While scientists can’t say with certainty that congenital Zika virus is causing the massive spike in cases of microcephaly seen in Brazil, evidence of a strong association continues to mount.
Two reports, published Feb. 10 in the Morbidity and Mortality Weekly Report and in the New England Journal of Medicine, confirm through laboratory testing that fetuses and infants with microcephaly also were positive for Zika virus infection.
In the MMWR report, researchers from the United States and Brazil present evidence of a link between Zika virus infection and microcephaly and fetal demise through detection of viral RNA and antigens in brain tissues with infants with microcephaly, as well as placental tissues from early miscarriages.

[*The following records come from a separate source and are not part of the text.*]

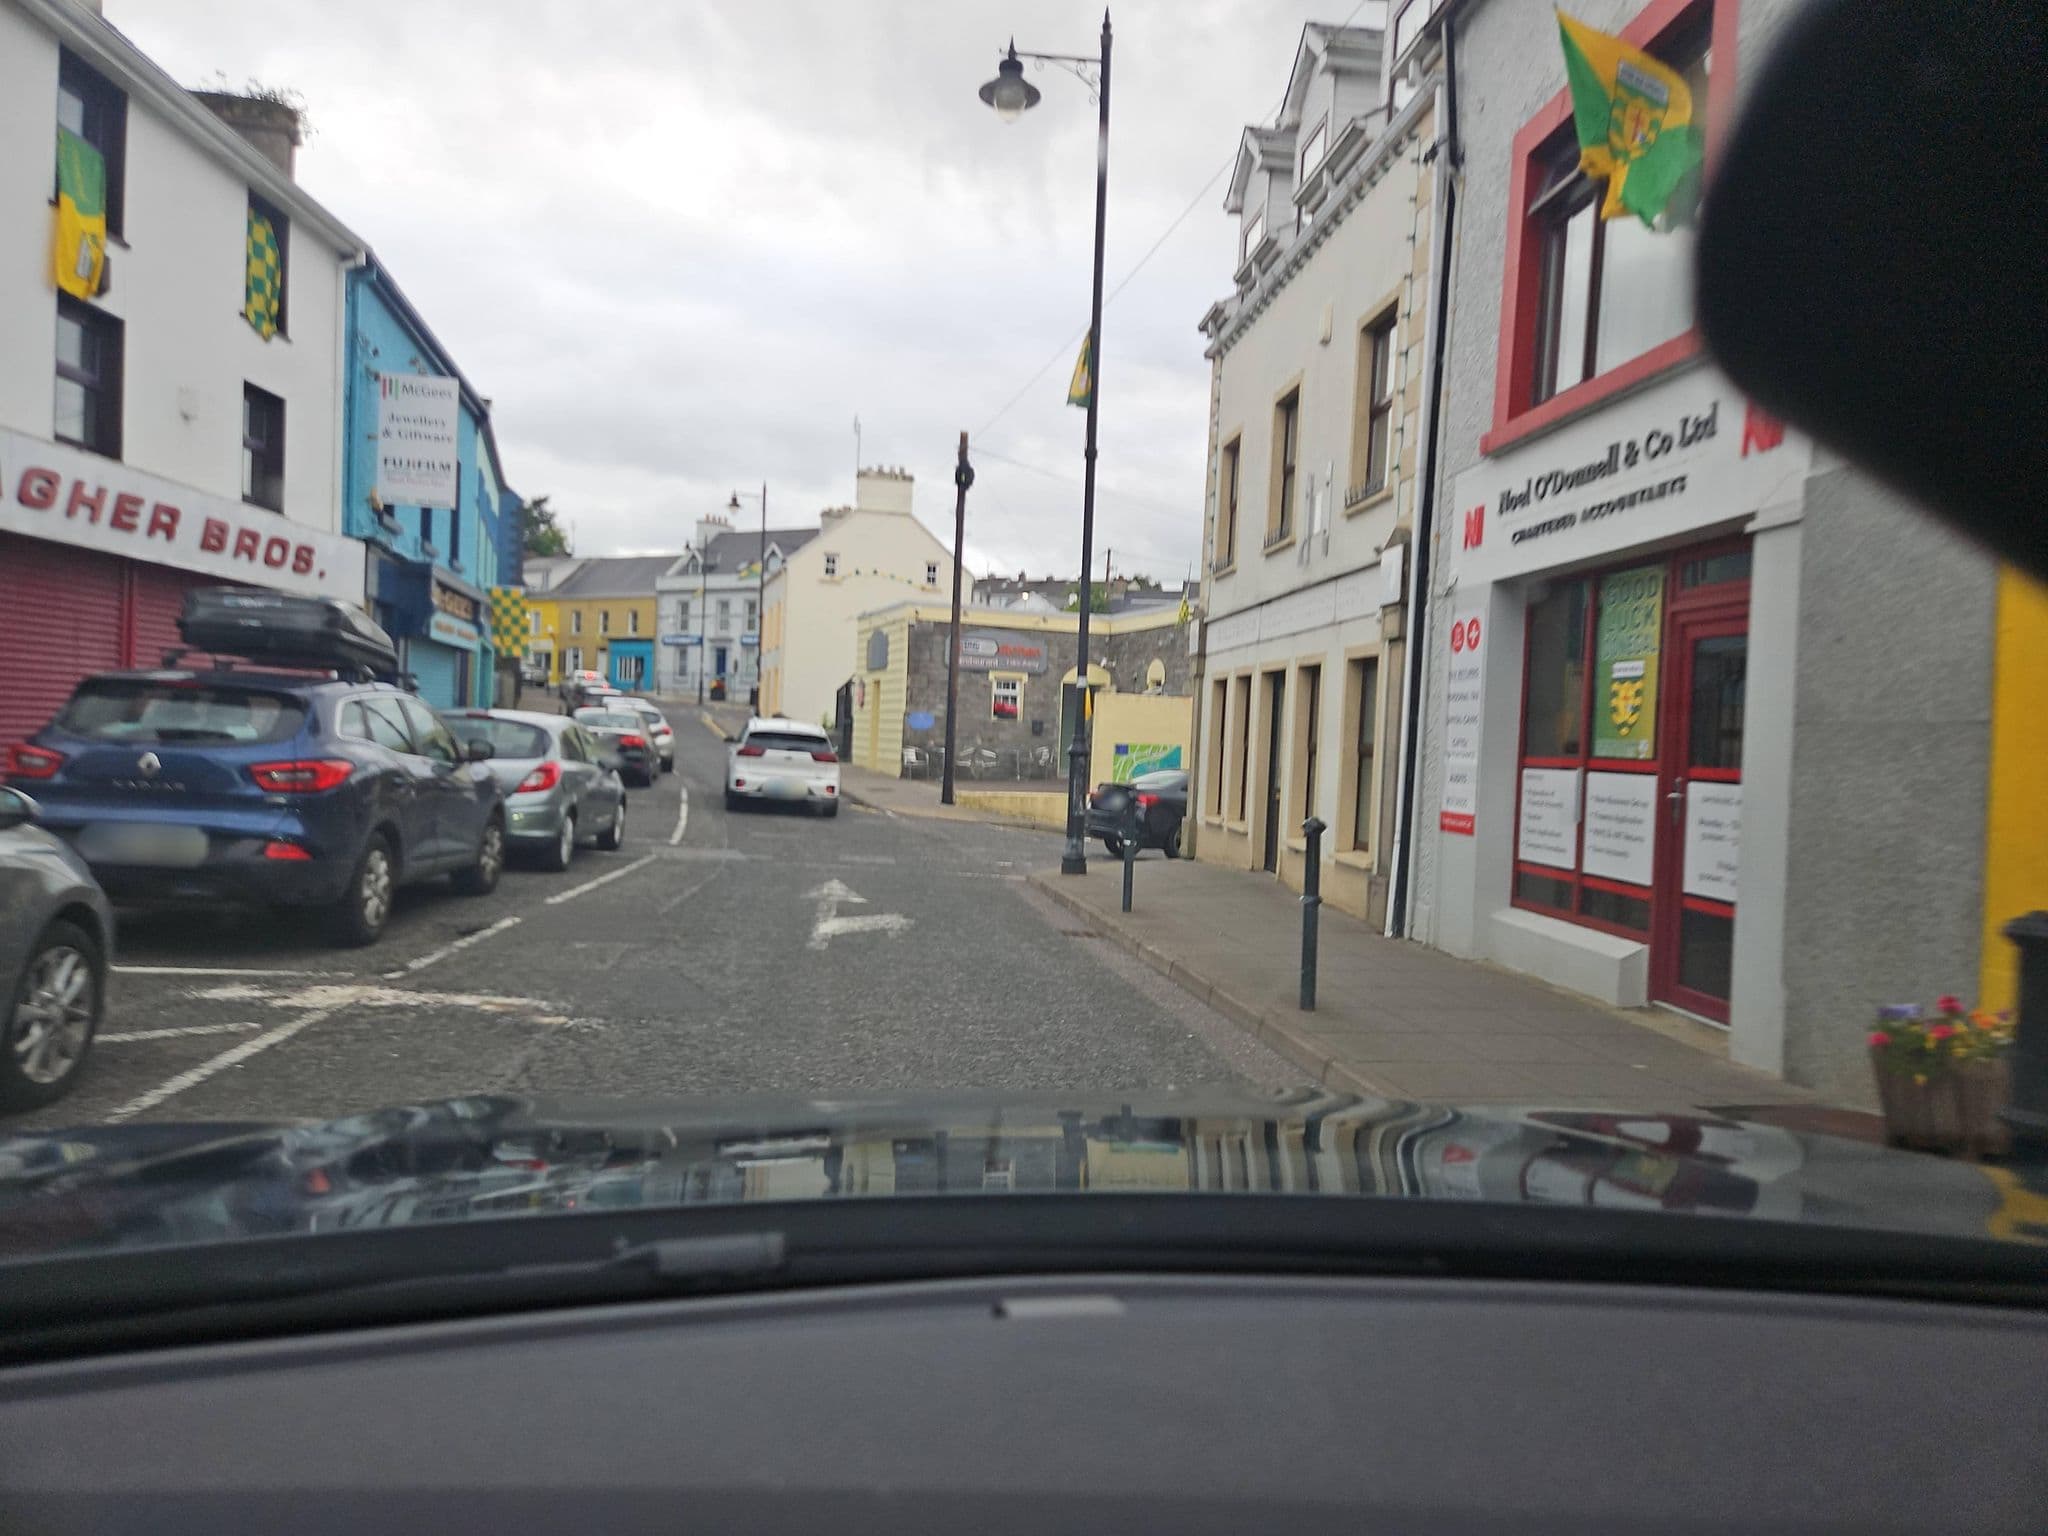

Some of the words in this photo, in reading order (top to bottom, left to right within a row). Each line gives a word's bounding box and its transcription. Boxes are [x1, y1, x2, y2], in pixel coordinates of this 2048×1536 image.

[1534, 440, 1621, 502] O'Donnell
[1624, 440, 1640, 469] &
[1644, 429, 1674, 460] Co
[1678, 401, 1719, 448] Ltd
[0, 464, 182, 542] GHER
[200, 514, 327, 580] BROS.

The findings are based on laboratory testing of tissue samples from two newborns with microcephaly who died within 20 hours of birth and two miscarriages (at 11 and 13 weeks’ gestation). The samples were submitted to the Centers for Disease Control and Prevention from the state of Rio Grande do Norte, Brazil, in December 2015. All four mothers had clinical signs of Zika virus infection during the first trimester but did not have signs of active infection at the time of delivery or miscarriage.

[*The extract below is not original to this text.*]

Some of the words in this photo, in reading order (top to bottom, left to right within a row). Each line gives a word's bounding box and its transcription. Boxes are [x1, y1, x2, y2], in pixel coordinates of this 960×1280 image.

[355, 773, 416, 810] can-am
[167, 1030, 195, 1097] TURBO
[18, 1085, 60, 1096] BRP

Specimens from all four cases were positive by reverse transcription-polymerase chain reaction (RT-PCR) testing, and sequence analysis provided additional evidence of Zika virus infection (Morb Mortal Wkly Rep. 2016 Feb;65:1-2. doi: 10.15585/mmwr.mm6506e1er ).
“To better understand the pathogenesis of Zika virus infection and associated congenital anomalies and fetal death, it is necessary to evaluate autopsy and placental tissues from additional cases, and to determine the effect of gestational age during maternal illness on fetal outcomes,” the researchers wrote.

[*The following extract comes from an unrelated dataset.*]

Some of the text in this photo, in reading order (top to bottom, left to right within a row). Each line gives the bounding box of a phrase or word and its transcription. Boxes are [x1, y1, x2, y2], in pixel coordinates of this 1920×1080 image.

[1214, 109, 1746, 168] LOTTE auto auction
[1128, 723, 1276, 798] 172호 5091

In the New England Journal of Medicine report, Dr. Jernej Mlakar of the University of Ljubljana, Slovenia, and colleagues, presented the case of a previously healthy 25-year-old pregnant woman who had become ill while living in Brazil. During the 13th week of gestation, she had a high fever, followed by severe musculoskeletal and retro-ocular pain, as well as an itchy generalized maculopapular rash. Zika virus was suspected at the time but virologic diagnostic testing was not performed.
Ultrasound at 14 weeks and 20 weeks showed normal fetal growth and anatomy, but ultrasound at 29 weeks showed signs of fetal abnormalities. At 32 weeks, physicians confirmed intrauterine growth retardation and microcephaly with calcifications in the fetal brain and placenta.
The woman requested termination of the pregnancy and an autopsy was performed on the fetus. Positive results for Zika virus were obtained on RT-PCR assay in the fetal brain sample. All autopsy samples were tested on PCR assay and found to be negative for other flaviviruses, including dengue, yellow fever, West Nile, and tick-borne encephalitis (N Engl J Med. 2016 Feb 10. doi: 10.1056/NEJMoa1600651).
In an editorial accompanying the report, physicians from the Harvard School of Public Health and Massachusetts General Hospital, both in Boston, wrote that there are still many unanswered questions about Zika virus in pregnancy. Assuming the association between Zika virus and microcephaly exists, researchers do not know whether the timing of the infection during pregnancy has an effect on the risk of fetal abnormalities. Additionally, it’s unknown whether asymptomatic or minimally symptomatic disease poses a risk to the fetus (N Engl J Med. 2016 Feb 10. doi: 10.1056/NEJMe1601862).
The researchers for both case reports had no financial disclosures.